- YOUR OBJECTIVE: What you return should match the records below exactly.

- DATA TO USE:
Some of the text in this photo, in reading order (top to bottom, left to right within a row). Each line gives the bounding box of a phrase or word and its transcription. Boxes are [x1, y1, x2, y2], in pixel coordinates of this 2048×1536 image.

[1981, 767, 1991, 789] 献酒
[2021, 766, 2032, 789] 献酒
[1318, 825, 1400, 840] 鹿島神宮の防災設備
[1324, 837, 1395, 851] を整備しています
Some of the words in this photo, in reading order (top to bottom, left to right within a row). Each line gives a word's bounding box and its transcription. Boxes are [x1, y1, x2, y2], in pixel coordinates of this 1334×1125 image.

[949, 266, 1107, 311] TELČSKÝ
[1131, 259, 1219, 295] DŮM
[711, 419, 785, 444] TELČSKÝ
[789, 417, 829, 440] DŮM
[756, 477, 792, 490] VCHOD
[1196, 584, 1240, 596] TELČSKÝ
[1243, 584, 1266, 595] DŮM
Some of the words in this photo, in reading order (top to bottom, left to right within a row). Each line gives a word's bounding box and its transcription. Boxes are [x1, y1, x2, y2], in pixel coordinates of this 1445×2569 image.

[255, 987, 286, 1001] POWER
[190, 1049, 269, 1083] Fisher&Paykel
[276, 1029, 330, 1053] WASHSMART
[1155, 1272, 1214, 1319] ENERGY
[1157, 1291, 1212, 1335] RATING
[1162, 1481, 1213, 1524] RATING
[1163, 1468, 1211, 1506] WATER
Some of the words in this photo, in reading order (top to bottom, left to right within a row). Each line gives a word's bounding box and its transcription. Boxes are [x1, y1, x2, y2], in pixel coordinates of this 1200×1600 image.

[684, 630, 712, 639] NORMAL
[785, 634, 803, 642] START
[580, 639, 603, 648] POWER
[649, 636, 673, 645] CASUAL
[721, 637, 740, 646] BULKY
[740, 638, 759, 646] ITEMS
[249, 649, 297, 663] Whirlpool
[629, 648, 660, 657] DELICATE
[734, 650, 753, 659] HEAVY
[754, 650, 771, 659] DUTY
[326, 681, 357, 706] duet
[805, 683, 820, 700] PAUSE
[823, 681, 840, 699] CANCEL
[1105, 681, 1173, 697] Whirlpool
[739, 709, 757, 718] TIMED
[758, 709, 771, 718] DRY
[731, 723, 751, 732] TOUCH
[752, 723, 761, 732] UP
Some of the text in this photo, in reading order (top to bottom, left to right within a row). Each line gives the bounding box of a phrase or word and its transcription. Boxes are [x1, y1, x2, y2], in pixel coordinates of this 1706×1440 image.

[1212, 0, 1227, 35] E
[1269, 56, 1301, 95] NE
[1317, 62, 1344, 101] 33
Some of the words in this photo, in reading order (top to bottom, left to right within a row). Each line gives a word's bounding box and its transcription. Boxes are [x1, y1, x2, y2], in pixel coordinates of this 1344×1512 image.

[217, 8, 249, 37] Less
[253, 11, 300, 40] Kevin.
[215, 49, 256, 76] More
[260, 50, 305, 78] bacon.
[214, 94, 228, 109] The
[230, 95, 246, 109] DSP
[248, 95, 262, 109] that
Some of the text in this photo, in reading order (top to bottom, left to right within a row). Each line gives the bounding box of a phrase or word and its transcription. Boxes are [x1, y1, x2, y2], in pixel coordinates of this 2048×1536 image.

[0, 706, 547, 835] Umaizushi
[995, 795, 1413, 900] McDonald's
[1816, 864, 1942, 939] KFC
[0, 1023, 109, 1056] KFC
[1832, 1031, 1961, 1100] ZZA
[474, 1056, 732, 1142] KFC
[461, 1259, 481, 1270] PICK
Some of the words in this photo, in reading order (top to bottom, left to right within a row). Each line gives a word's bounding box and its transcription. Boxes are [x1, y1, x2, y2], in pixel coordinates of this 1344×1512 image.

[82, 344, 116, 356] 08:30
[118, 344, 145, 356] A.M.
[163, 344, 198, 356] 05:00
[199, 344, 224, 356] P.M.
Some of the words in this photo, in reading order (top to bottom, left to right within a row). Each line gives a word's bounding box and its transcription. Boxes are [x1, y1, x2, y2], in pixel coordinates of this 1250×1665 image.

- RESPONSE:
Some of the text in this photo, in reading order (top to bottom, left to right within a row). Each line gives the bounding box of a phrase or word and its transcription. Boxes are [x1, y1, x2, y2], in pixel coordinates of this 2048×1536 image.

[1981, 767, 1991, 789] 献酒
[2021, 766, 2032, 789] 献酒
[1318, 825, 1400, 840] 鹿島神宮の防災設備
[1324, 837, 1395, 851] を整備しています
Some of the words in this photo, in reading order (top to bottom, left to right within a row). Each line gives a word's bounding box and its transcription. Boxes are [x1, y1, x2, y2], in pixel coordinates of this 1334×1125 image.

[949, 266, 1107, 311] TELČSKÝ
[1131, 259, 1219, 295] DŮM
[711, 419, 785, 444] TELČSKÝ
[789, 417, 829, 440] DŮM
[756, 477, 792, 490] VCHOD
[1196, 584, 1240, 596] TELČSKÝ
[1243, 584, 1266, 595] DŮM
Some of the words in this photo, in reading order (top to bottom, left to right within a row). Each line gives a word's bounding box and its transcription. Boxes are [x1, y1, x2, y2], in pixel coordinates of this 1445×2569 image.

[255, 987, 286, 1001] POWER
[190, 1049, 269, 1083] Fisher&Paykel
[276, 1029, 330, 1053] WASHSMART
[1155, 1272, 1214, 1319] ENERGY
[1157, 1291, 1212, 1335] RATING
[1162, 1481, 1213, 1524] RATING
[1163, 1468, 1211, 1506] WATER
Some of the words in this photo, in reading order (top to bottom, left to right within a row). Each line gives a word's bounding box and its transcription. Boxes are [x1, y1, x2, y2], in pixel coordinates of this 1200×1600 image.

[684, 630, 712, 639] NORMAL
[785, 634, 803, 642] START
[580, 639, 603, 648] POWER
[649, 636, 673, 645] CASUAL
[721, 637, 740, 646] BULKY
[740, 638, 759, 646] ITEMS
[249, 649, 297, 663] Whirlpool
[629, 648, 660, 657] DELICATE
[734, 650, 753, 659] HEAVY
[754, 650, 771, 659] DUTY
[326, 681, 357, 706] duet
[805, 683, 820, 700] PAUSE
[823, 681, 840, 699] CANCEL
[1105, 681, 1173, 697] Whirlpool
[739, 709, 757, 718] TIMED
[758, 709, 771, 718] DRY
[731, 723, 751, 732] TOUCH
[752, 723, 761, 732] UP
Some of the text in this photo, in reading order (top to bottom, left to right within a row). Each line gives the bounding box of a phrase or word and its transcription. Boxes are [x1, y1, x2, y2], in pixel coordinates of this 1706×1440 image.

[1212, 0, 1227, 35] E
[1269, 56, 1301, 95] NE
[1317, 62, 1344, 101] 33
Some of the words in this photo, in reading order (top to bottom, left to right within a row). Each line gives a word's bounding box and its transcription. Boxes are [x1, y1, x2, y2], in pixel coordinates of this 1344×1512 image.

[217, 8, 249, 37] Less
[253, 11, 300, 40] Kevin.
[215, 49, 256, 76] More
[260, 50, 305, 78] bacon.
[214, 94, 228, 109] The
[230, 95, 246, 109] DSP
[248, 95, 262, 109] that
Some of the text in this photo, in reading order (top to bottom, left to right within a row). Each line gives the bounding box of a phrase or word and its transcription. Boxes are [x1, y1, x2, y2], in pixel coordinates of this 2048×1536 image.

[0, 706, 547, 835] Umaizushi
[995, 795, 1413, 900] McDonald's
[1816, 864, 1942, 939] KFC
[0, 1023, 109, 1056] KFC
[1832, 1031, 1961, 1100] ZZA
[474, 1056, 732, 1142] KFC
[461, 1259, 481, 1270] PICK
Some of the words in this photo, in reading order (top to bottom, left to right within a row). Each line gives a word's bounding box and its transcription. Boxes are [x1, y1, x2, y2], in pixel coordinates of this 1344×1512 image.

[82, 344, 116, 356] 08:30
[118, 344, 145, 356] A.M.
[163, 344, 198, 356] 05:00
[199, 344, 224, 356] P.M.
Some of the words in this photo, in reading order (top to bottom, left to right within a row). Each line gives a word's bounding box and its transcription. Boxes are [x1, y1, x2, y2], in pixel coordinates of this 1250×1665 image.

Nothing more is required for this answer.